For details and other code samples that show you how to present credentials to the Google Auth server using the JavaScript client library, see the the Authentication page.

Building and executing the request

The JavaScript client library supports three alternatives for assembling an API request and executing it:

  • Load the API interface first, then initialize the service object to include the parameters of the request, then call this object's then method, in separate commands.
  • Assemble a REST request that specifies the API and the request parameters, then pass it to the client library's request method.
  • Manually assemble and execute the request using CORS.

Option 1: Load the API discovery document, then assemble the request

Once the JavaScript client library is loaded, your code can load a specific API via its API discovery document with a command like the following:

gapi.client.load(API_NAME, API_VERSION, CALLBACK);

Where

  • API_NAME is the name of the API,
  • API_VERSION is the version of the API,
  • CALLBACK is an optional callback function to be executed once the API has been loaded. If a callback is not provided, a Promise-like object is returned.

For example, this code loads version 3 of the Google Drive API:

gapi.client.load('drive', 'v3').then(function() { console.log('loaded.'); });

Some APIs have their discovery documents hosted outside the Discovery API. You need to load such APIs directly via their discovery URLs like this:

gapi.client.load(DISCOVERY_URL).then(...);

For example, this code loads version 1 of the Google Cloud Vision API:

gapi.client.load('https://vision.googleapis.com/$discovery/rest?version=v1').then(function() { console.log('loaded.'); });

Note: A call to gapi.client.load results in a network request to the Discovery API. It is only necessary to call this once per API on a given page.

To review a list of supported APIs and versions, go to the APIs Explorer.

The code that assembles the API request follows this pattern:

// Returns a request object which can be executed (as below) or batched
gapi.client.METHOD_NAME(PARAMETERS_OBJECT).
  then(onFulfilled, onRejected);

For example, you can create an empty file using the Google Drive API using the following method:

gapi.client.drive.files.create({
  'resource': {'name': 'Test file'},
  'useContentAsIndexableText': true
}).then(function(resp) {
  console.log(resp.result);
}, function(reason) {
  console.log('Error: ' + reason.result.error.message);
});

To test API methods on the fly, or see an individual API's documentation for detailed method descriptions, try the APIs Explorer.

The keys of the PARAMETERS_OBJECT correspond to the REST or JSON-RPC parameters for the method being called. The special parameter resource is mapped to the request body for methods which require one, as in the above example.

The service API doesn't support media uploads or downloads, so the example above can't provide any content for the new file; if you needed this, you would have to use CORS instead.

The documentation for each Google service API specifies the REST syntax for its methods. (For links to the documentation for one of these APIs, follow the link for that API on the APIs Explorer page.)

Option 2: Use gapi.client.request

A more general way to make requests is to use gapi.client.request.
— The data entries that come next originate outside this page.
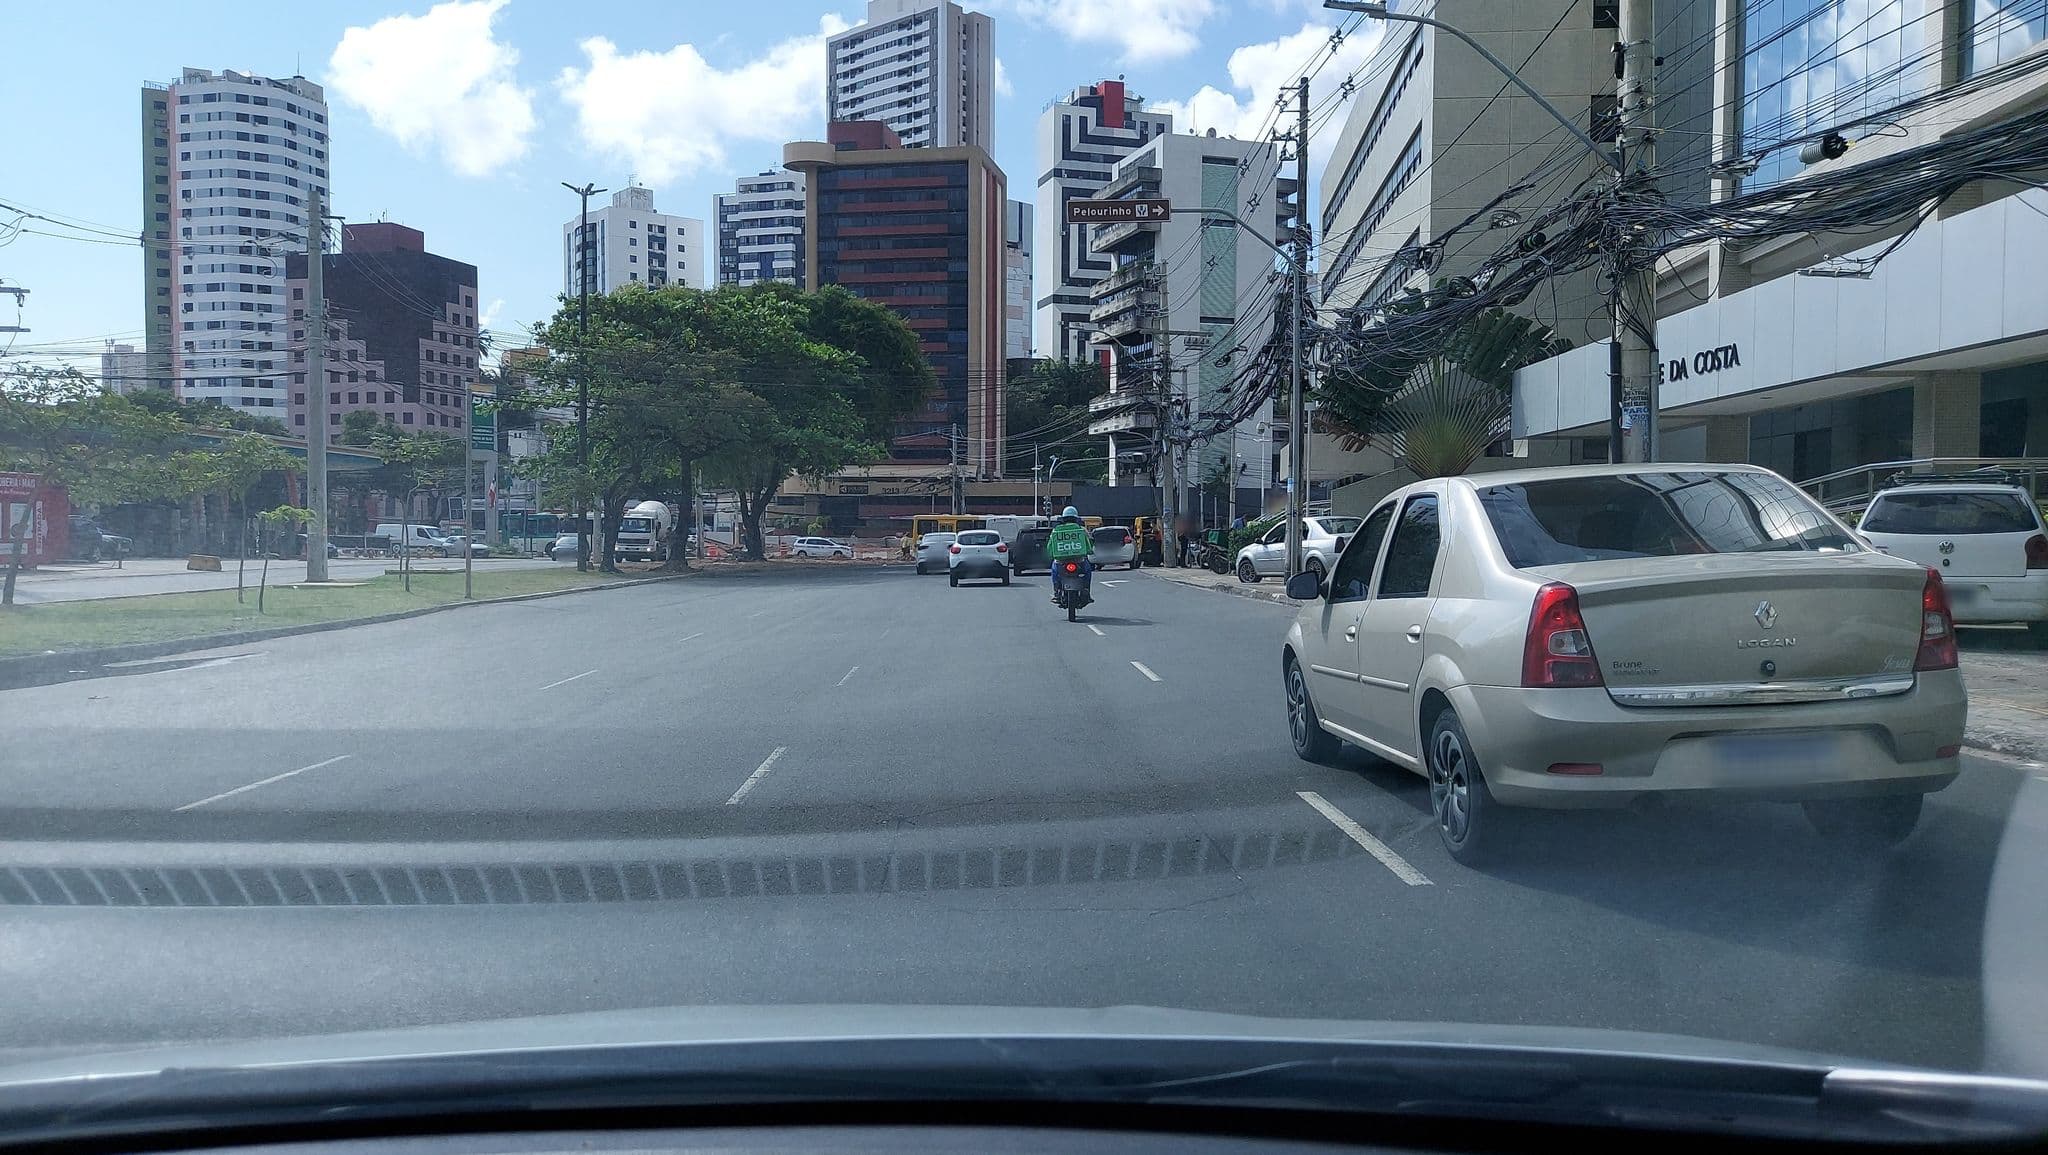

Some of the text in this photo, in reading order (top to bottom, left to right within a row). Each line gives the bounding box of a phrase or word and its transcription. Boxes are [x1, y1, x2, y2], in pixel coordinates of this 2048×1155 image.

[1073, 206, 1132, 216] Pelourinho
[1669, 357, 1689, 382] DA
[1694, 343, 1741, 375] COSTA
[1056, 531, 1081, 541] Uber
[1057, 541, 1082, 551] Eats
[1737, 637, 1796, 650] LOGAN
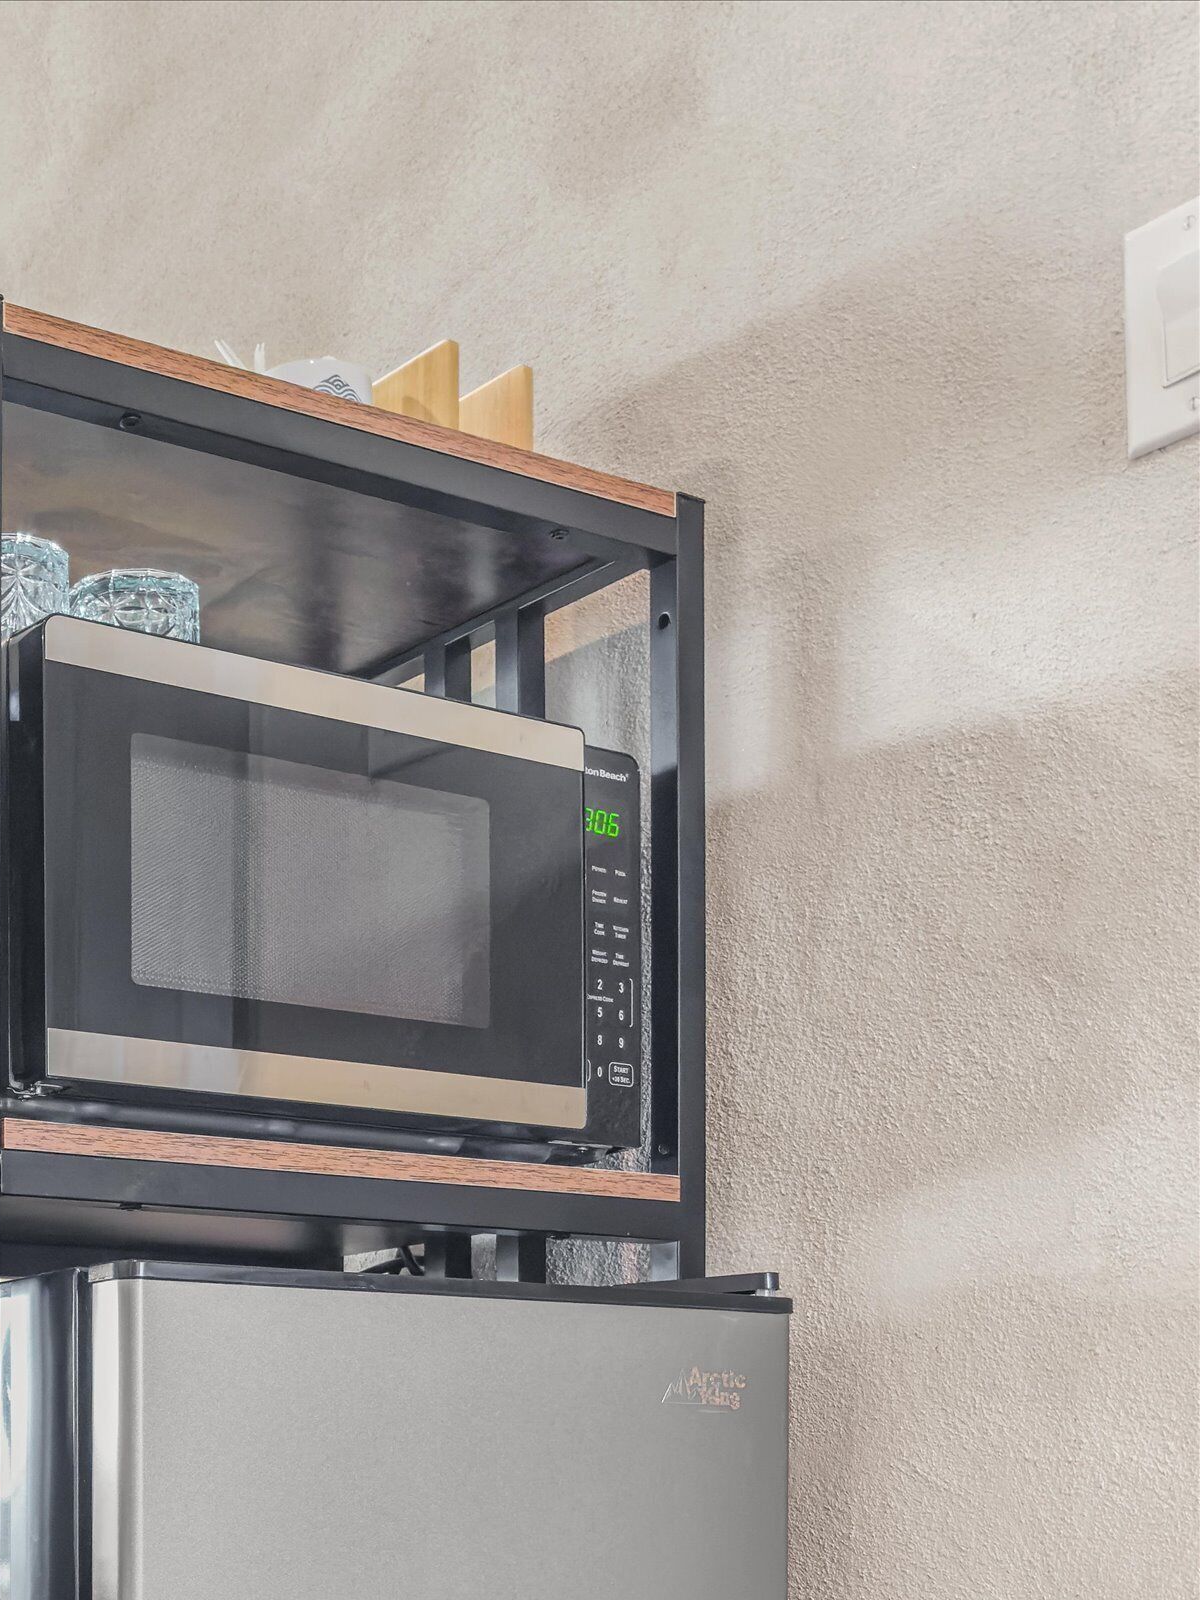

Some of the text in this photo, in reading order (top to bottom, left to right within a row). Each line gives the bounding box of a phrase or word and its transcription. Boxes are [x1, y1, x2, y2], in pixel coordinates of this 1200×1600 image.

[600, 769, 626, 782] Beach
[597, 978, 624, 994] 2 3
[597, 1006, 624, 1021] 5 6
[597, 1034, 624, 1049] 8 9
[597, 1066, 603, 1078] 0
Your code does not have to load the API first, as in the first option, but it must still set the API key. While you need to manually fill in REST parameters with this option, it saves one network request for loading the API.

To execute the same Google Drive file creation as in the first example, using gapi.client.request:

var restRequest = gapi.client.request({
  'path': '/drive/v3/files',
  'params': {'useContentAsIndexableText': true},
  'body': {'name': 'Test file'}
});
restRequest.then(function(resp) {
  console.log(resp.result);
}, function(reason) {
  console.log('Error: ' + reason.result.error.message);
});

For more on making REST requests, see the API docs for each supported API.

gapi.client.request doesn't support media uploads or downloads. To do this, use CORS instead.

Option 3: Use CORS

The Google APIs support CORS. For more information on using CORS to make requests, see the CORS Support page.

This is the appropriate option if you want to do media uploads or downloads, as it allows precise control of the request body and supports multipart requests.